Y LA CASA REGRESABA POR FRAGMENTOS
—Aquí podríamos colocar la mesa para evitar que la luz nos llegue de frente.
Aquello había sido dicho el primer día, el primer día que penetraron en la casa, el primer día que la habían recorrido toda, la casa vacía. Un día cualquiera, quizás, para los que transitaban la calle, para los que entraban y salían por las puertas de las otras casas. O tal vez un día especial en lo aciago o en lo excepcionalmente dichoso para uno solo entre tantos. El primer día que había penetrado en la casa. La casa vista desde lejos, y pasar frente a ella, y pensar en lo que guardaba consigo, en lo que podría ofrecer en la participación de su interior custodiado por los muros. Verla desde fuera y esperar que en alguna forma se iniciara lo inesperado.
—Aquí podríamos colocar la mesa para evitar que la luz nos llegue de frente...
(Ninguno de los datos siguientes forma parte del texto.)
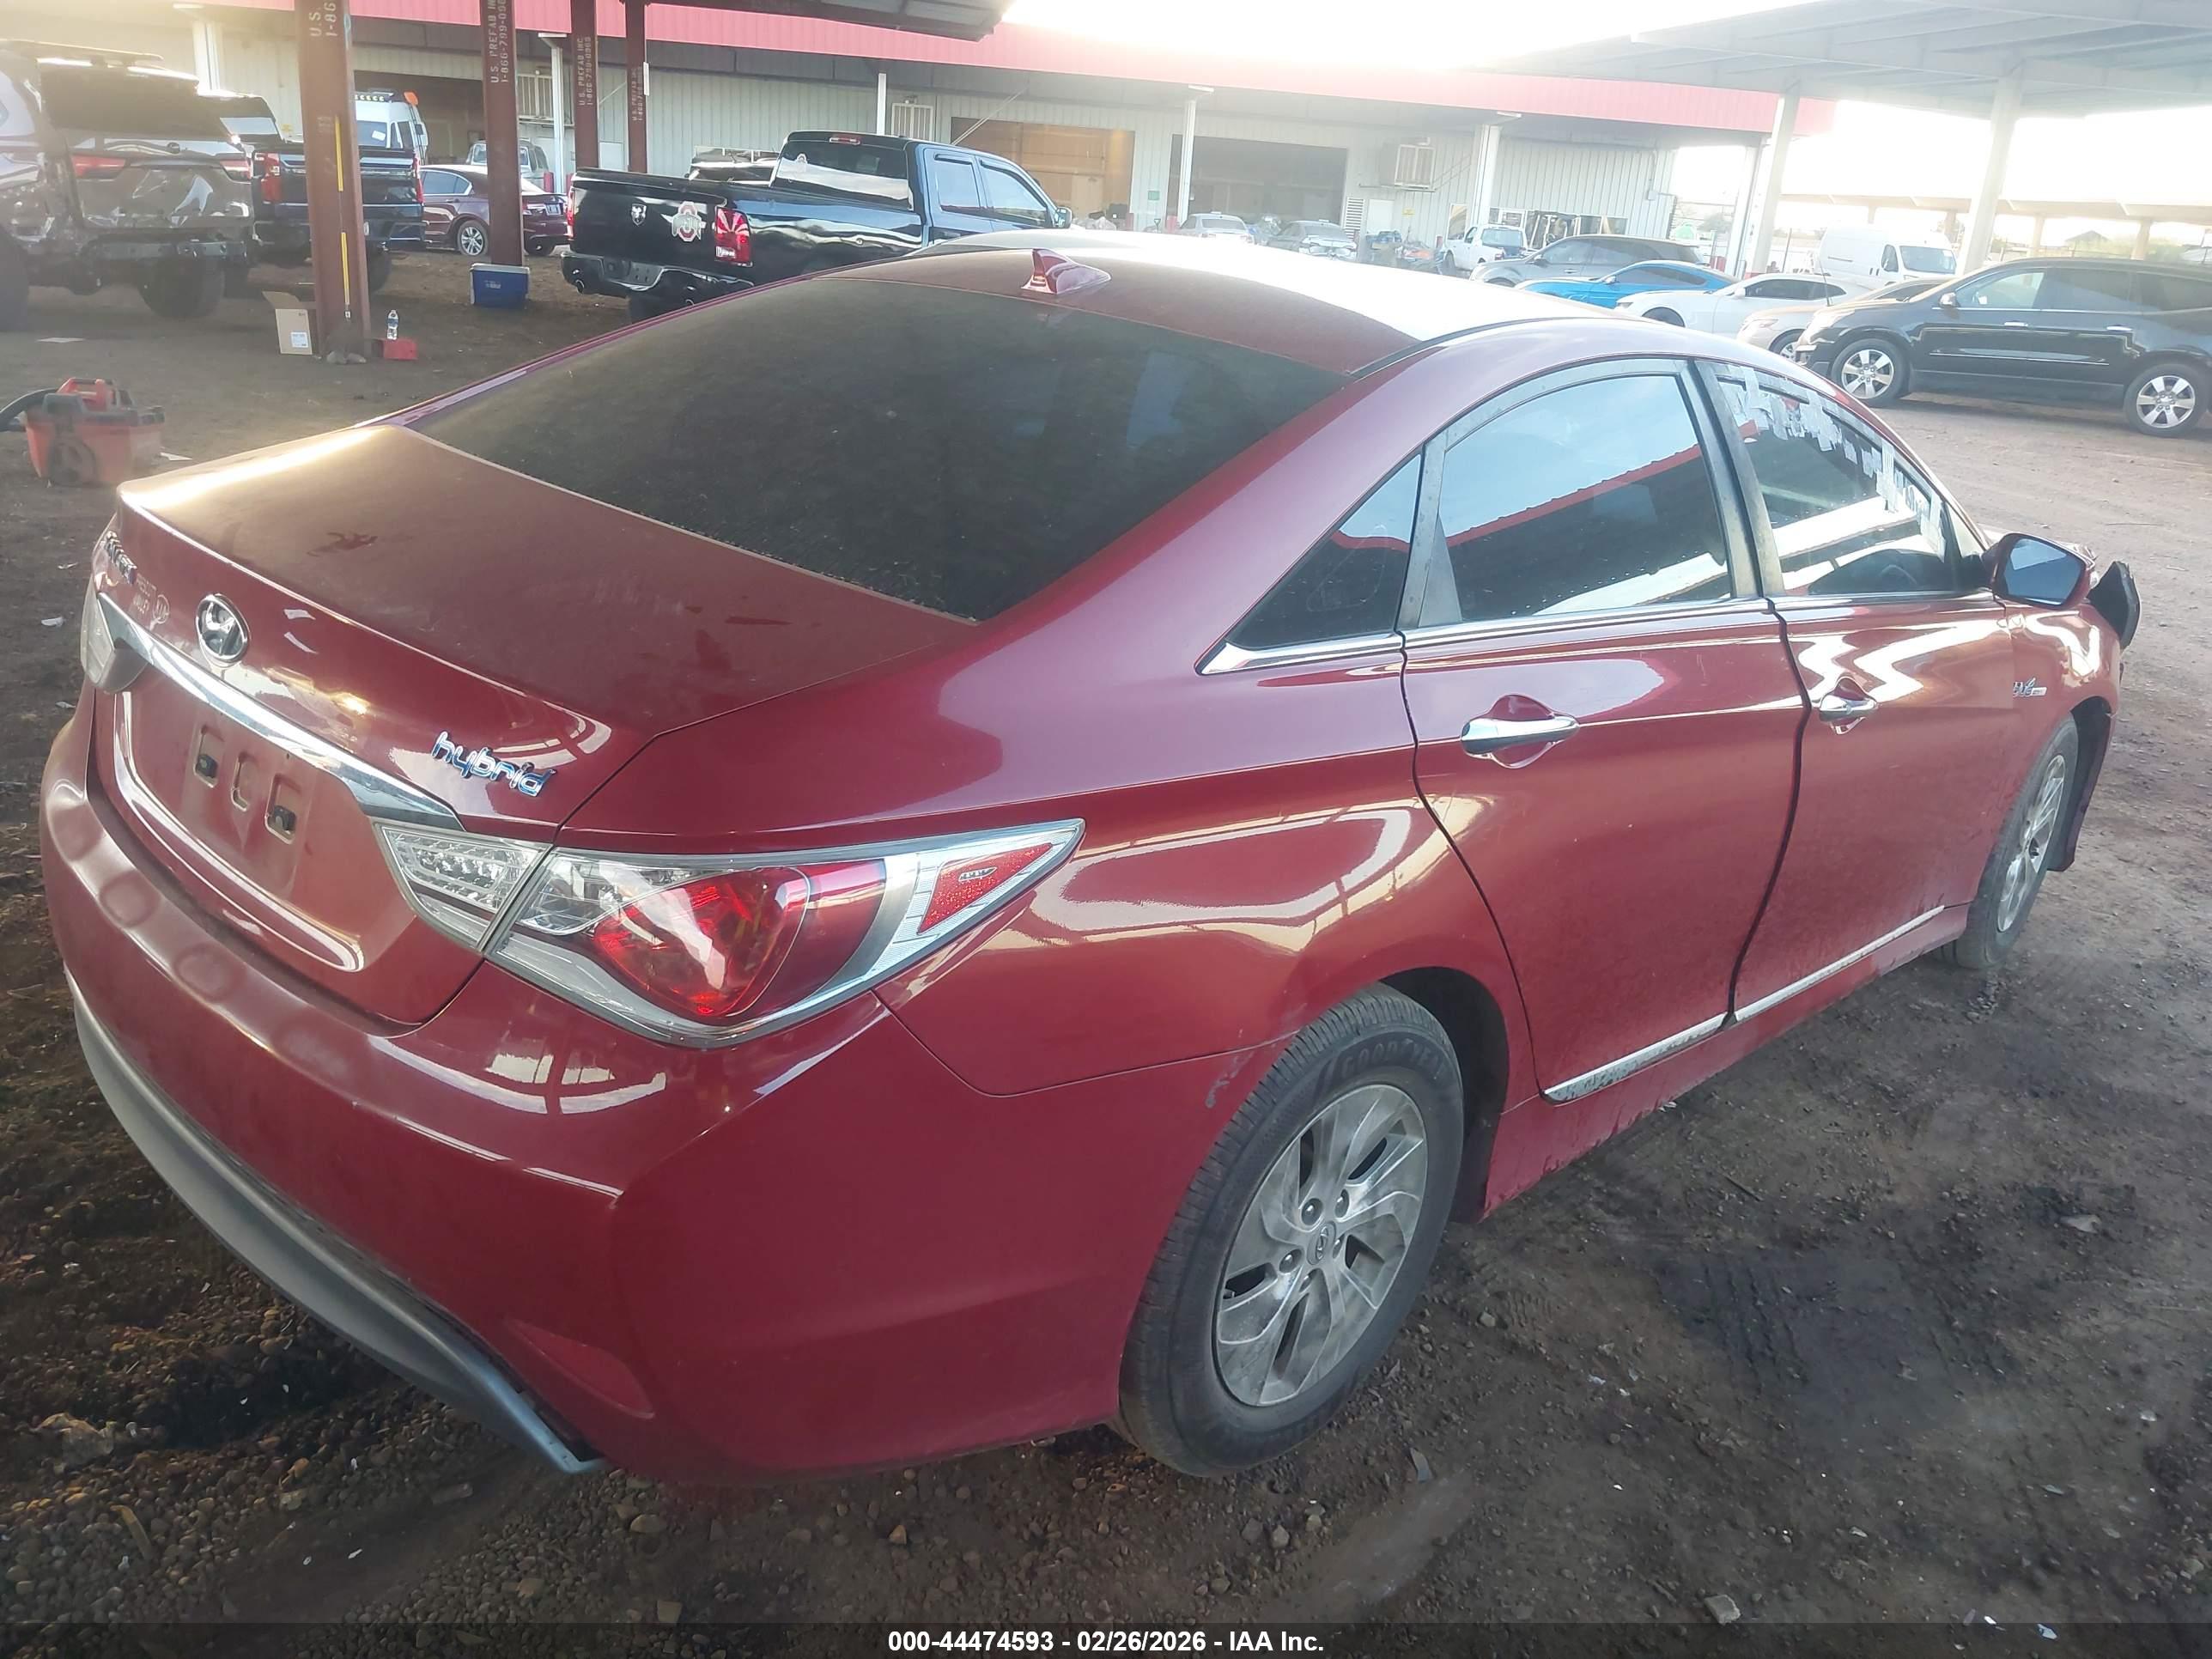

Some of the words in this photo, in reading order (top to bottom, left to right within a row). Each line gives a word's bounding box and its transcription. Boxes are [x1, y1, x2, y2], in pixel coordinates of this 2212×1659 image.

Y la luz entraba sesgada, deslizándose débilmente hacia los corredores donde la noche se aclaraba en las exhalaciones. Todo estaba en permanencia. Las cosas, invariables, exactas a ellas mismas, semejantes al aire, al espacio inmutable. Y recorrían la casa —inmensa en el vacío— buscando en ella sus preferencias para protegerse en ellas, para defenderse de los cambios que podrían sobrevenir sorpresivamente. Nada parecía hallarse implícito en aquel primer día que recorrían la casa. Todo, por el contrario, parecía entregarse en lo que había sido dado como si la plenitud, antes de cumplirse, estuviese ya consumada. Y recorrían la casa en una suerte de posesión irradiada, la casa que se agrandaba en el suspenso de la espera. Una espera fija, sin digresiones, tan fija como la casa misma en medio del movimiento de las calles, de las luces y de los ruidos de la ciudad.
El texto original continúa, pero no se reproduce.